WASHINGTON -- A key short-term interest rate is at a 45-year low, and Federal Reserve policy-makers are expected to keep it there when they meet Tuesday.
Fed officials, however, will certainly spend time discussing what, if anything, they can do to stop long-term rates from rising and derailing the economy.
Only this spring did Federal Reserve chairman Alan Greenspan and his colleagues draw praise for cleverly manipulating market expectations with talk of deflation, which is a sustained fall in prices.
Now, they are criticized for misleading the bond market and causing a big run-up in long-term rates over the past month.
For that reason, many analysts see the Fed meeting as an opportunity for the central bank to correct the botched signals and to calm the jittery bond market.
"We are facing a dangerous situation with the threat that interest rates will go up so fast that it will choke off the recovery," said economist David Jones, author of four books on the Fed. "The Fed has to state more clearly what its intentions are."
At its last meeting, on June 25, the central bank reduced its target for the federal funds rate, the interest that banks charge each other on overnight loans. The rate fell by one-quarter of a percentage point, to 1 percent, the lowest since July 1958.
In response, commercial banks dropped the prime rate, the benchmark for millions of short-term consumer and business loans, to 4 percent. Not since 1959 had this rate fallen so low.
But rates on longer-term loans actually rose after the Fed's action. The bond market was disappointed that policy-makers had not moved more boldly given the Fed's talk about deflation.
A Fed statement after its May 6 meeting cited that threat, leading to a sharp rally in the bond market that drove long-term interest rates to the lowest levels in decades.
The Treasury's 10-year note, a determining factor in mortgage rates, fell to 3.1 percent in June and 30-year mortgages dipped to 5.21 percent, rates unseen in more than four decades.
Then came the Fed's quarter-point cut on June 25, rather than the hoped-for half-point move. Since then, long-term rates have climbed.

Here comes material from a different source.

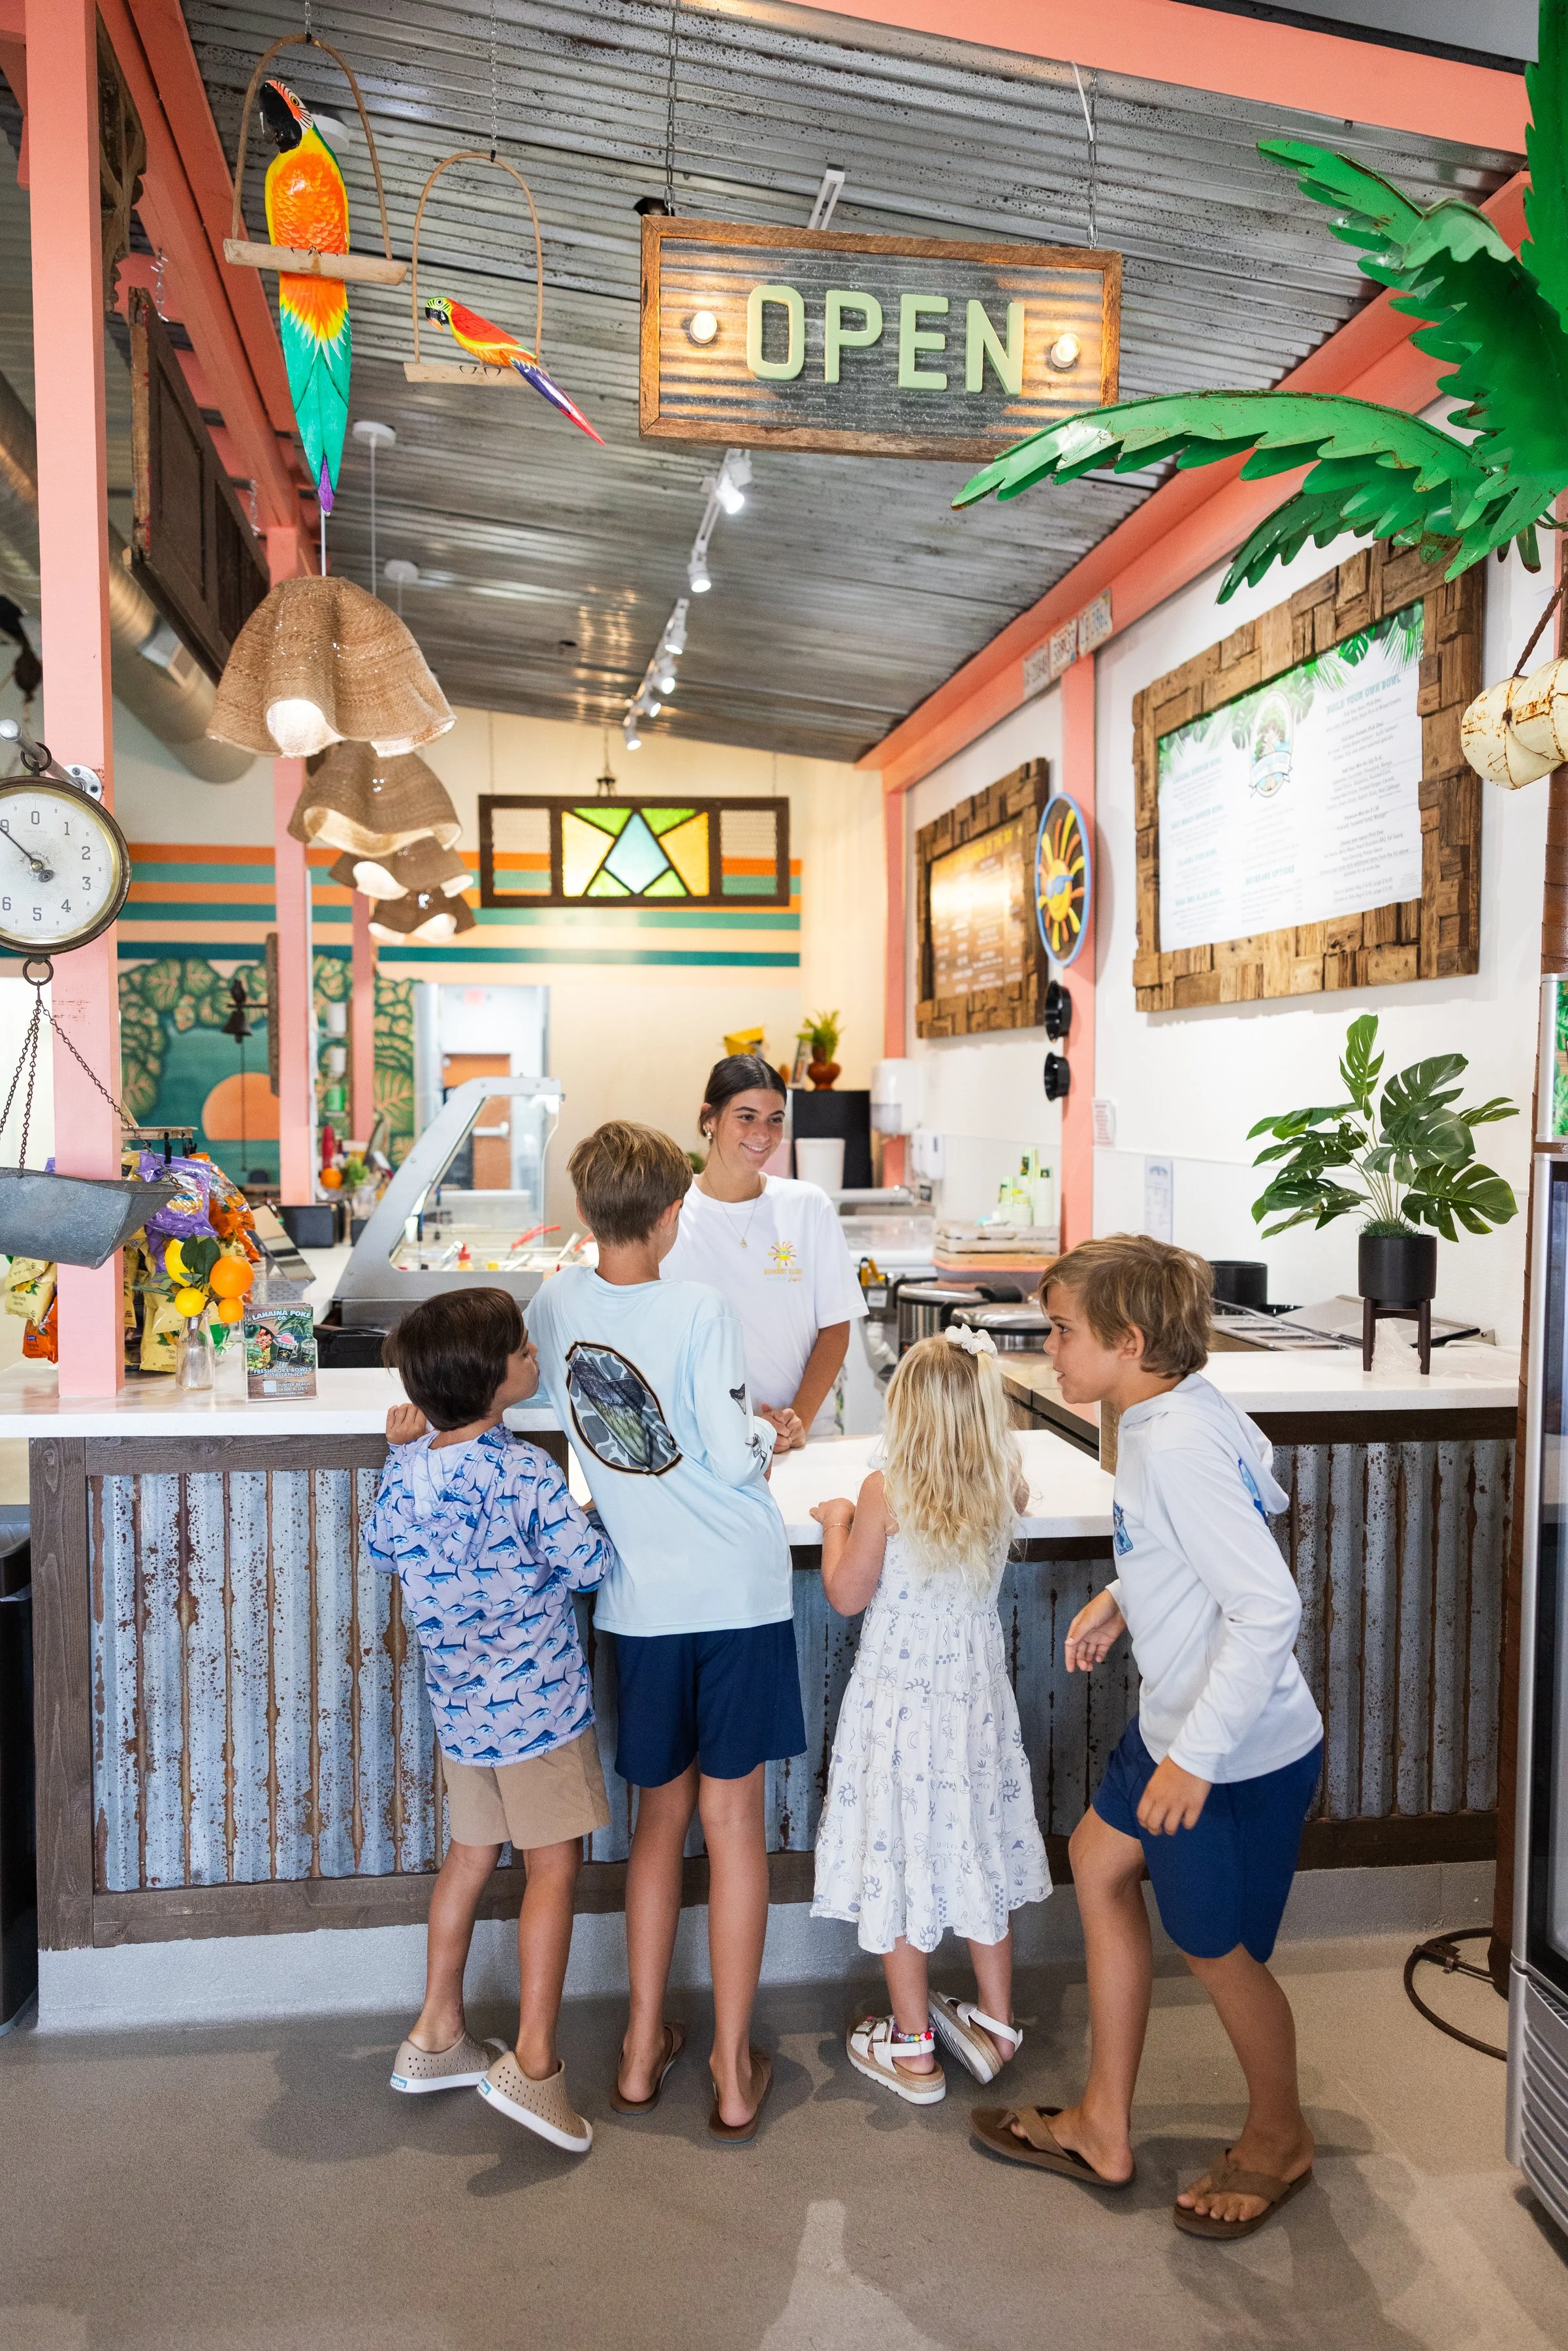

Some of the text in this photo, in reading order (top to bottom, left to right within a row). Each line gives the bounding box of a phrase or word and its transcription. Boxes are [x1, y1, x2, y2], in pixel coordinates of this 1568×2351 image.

The 10-year Treasury reached 4.41 percent on Aug. 1; last week, rates on 30-year mortgages stood at 6.43 percent.
This jump in long-term rates has raised fears that a pillar of the economy over the past two years, consumer spending on big-ticket items such as houses and automobiles, could come to a halt, especially in light of the recent falloff in mortgage refinancings. They have helped support consumer spending by giving people more disposable income.
While concerned about higher rates, many analysts believe the bond market will calm down if the Fed on Tuesday is convincing that it is ready to keep short-term rates low for a considerable time.

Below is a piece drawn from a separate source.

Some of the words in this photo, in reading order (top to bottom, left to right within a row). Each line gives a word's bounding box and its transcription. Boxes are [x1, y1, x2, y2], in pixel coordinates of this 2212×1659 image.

"My expectation is that the Fed will stand pat for at least a year," said Sung Won Sohn, chief economist at Wells Fargo in Minneapolis. He noted that the central bank would rather not raise rates in the midst of a presidential campaign.
If the Fed succeeds in conveying that message, many analysts believe that long-term rates should stabilize around current levels.
Sign on mortgage rates
In a hopeful sign, the yield on 10-year Treasury bonds retreated at the end of last week to 4.27 percent, an indication that mortgage rates also will come down.
Many analysts believe that 30-year mortgages will probably remain around 6 percent to 6.5 percent for the rest of this year.
But the run-up in rates so far will affect interest-rate sensitive sectors such as housing and trim overall economic growth, analysts said.
David Wyss, chief economist at Standard & Poor's, said he believes the economy will grow by about 4.1 percent next year, down about 0.3 percentage point from his previous forecast, due to the rise in interest rates. But that would still be a substantial improvement from the 2.4 percent growth he expects this year.
Such growth would supply enough impetus to start generating new jobs and lower the unemployment rate, Wyss said. He predicted that rate, now at 6.2 percent, will be around 5.7 percent by the time of the presidential election in November 2004.
That probably would encourage a Bush administration concerned about the so-far jobless recovery. President Bush will meet with his top economic advisers on Wednesday to discuss what more needs to be done to boost economic growth.